An NLP pipeline config is a JSON file that contains one required element chainer
:
{
"chainer": {
"in": ["x"],
"in_y": ["y"],
"pipe": [
...
],
"out": ["y_predicted"]
}
}
~deeppavlov.core.common.chainer.Chainer
is a core concept of DeepPavlov library: chainer builds a pipeline from heterogeneous components (Rule-Based/ML/DL) and allows to train or infer from pipeline as a whole.

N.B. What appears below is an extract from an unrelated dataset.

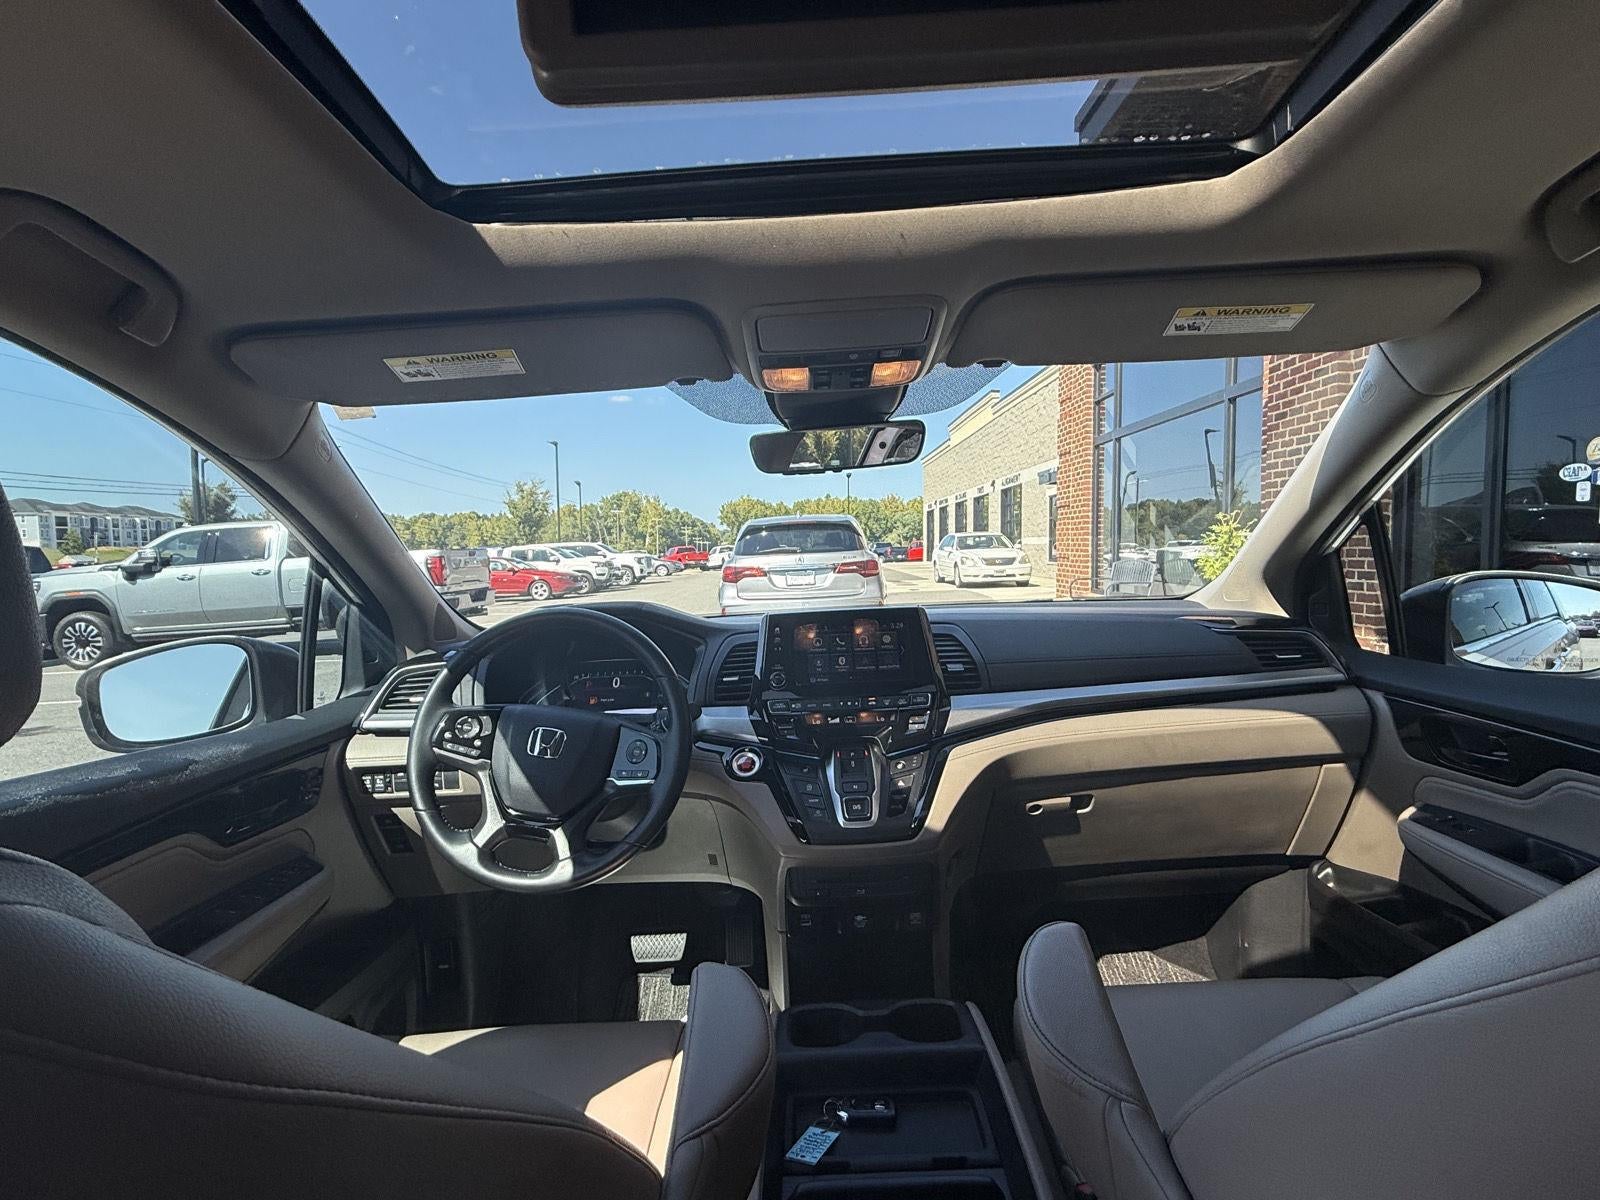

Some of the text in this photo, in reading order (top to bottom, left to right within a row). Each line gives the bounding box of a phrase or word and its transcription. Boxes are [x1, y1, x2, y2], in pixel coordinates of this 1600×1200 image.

Each component in the pipeline specifies its inputs and outputs as arrays of names, for example: "in": ["tokens", "features"]
and "out": ["token_embeddings", "features_embeddings"]
and you can chain outputs of one components with inputs of other components:
{
"class_name": "deeppavlov.models.preprocessors.str_lower:str_lower",
"in": ["x"],
"out": ["x_lower"]
},
{
"class_name": "nltk_tokenizer",
"in": ["x_lower"],
"out": ["x_tokens"]
},
Pipeline elements could be child classes of ~deeppavlov.core.models.component.Component
or functions.
Each ~deeppavlov.core.models.component.Component
in the pipeline must implement method __call__
and has class_name
parameter, which is its registered codename, or full name of any python class in the form of "module_name:ClassName"
. It can also have any other parameters which repeat its __init__
method arguments. Default values of __init__
arguments will be overridden with the config values during the initialization of a class instance.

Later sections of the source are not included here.